What this task involves — The response should contain all of the data below, reproduced exactly, and no pictures.

[Opening Exercise material section]

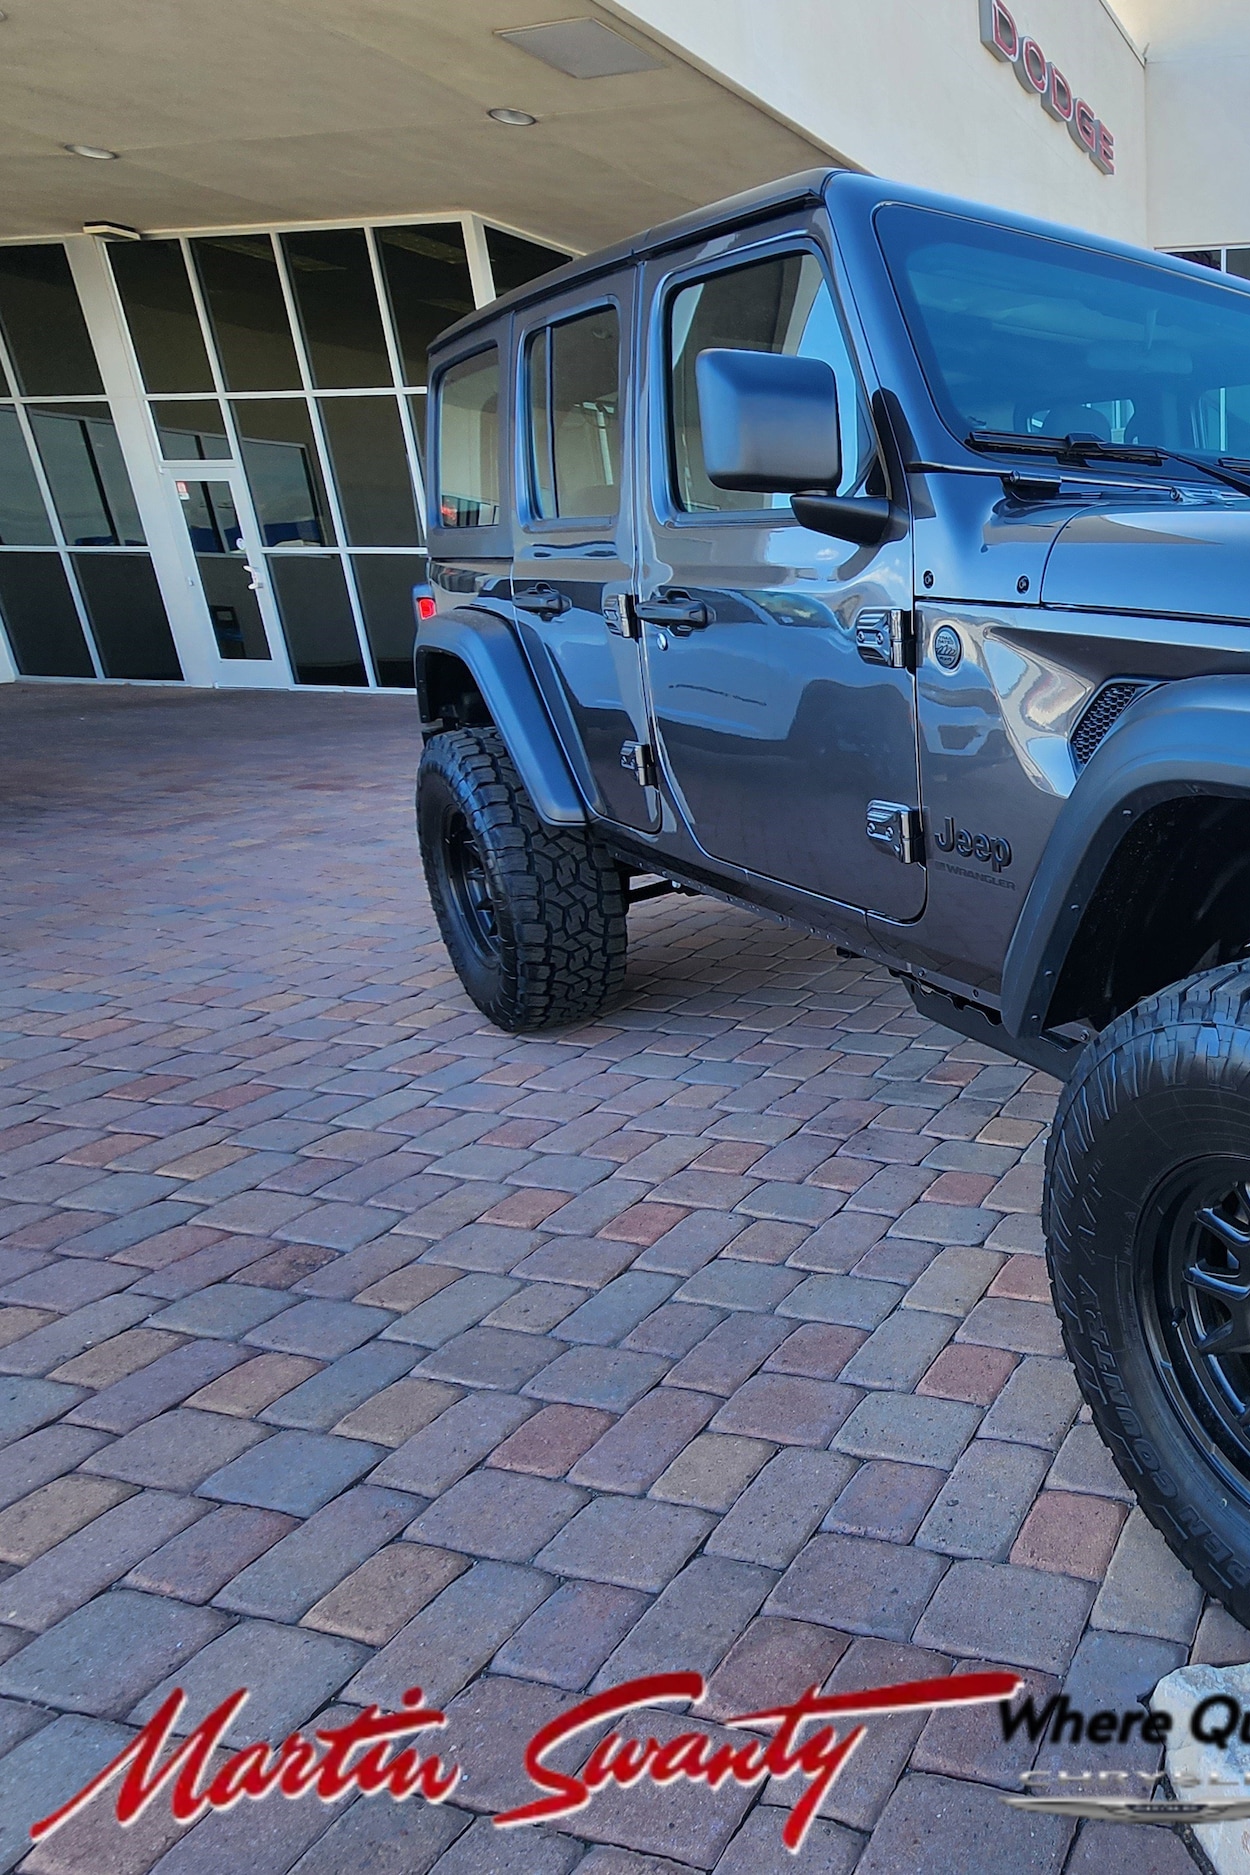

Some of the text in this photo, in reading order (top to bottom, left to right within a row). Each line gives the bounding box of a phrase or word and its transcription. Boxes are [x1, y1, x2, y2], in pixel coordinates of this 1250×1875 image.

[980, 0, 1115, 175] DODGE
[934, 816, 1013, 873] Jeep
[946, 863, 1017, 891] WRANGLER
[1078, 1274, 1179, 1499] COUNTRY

[Closing Exercise material section]

Solution below —
Some of the text in this photo, in reading order (top to bottom, left to right within a row). Each line gives the bounding box of a phrase or word and its transcription. Boxes are [x1, y1, x2, y2], in pixel coordinates of this 1250×1875 image.

[980, 0, 1115, 175] DODGE
[934, 816, 1013, 873] Jeep
[946, 863, 1017, 891] WRANGLER
[1078, 1274, 1179, 1499] COUNTRY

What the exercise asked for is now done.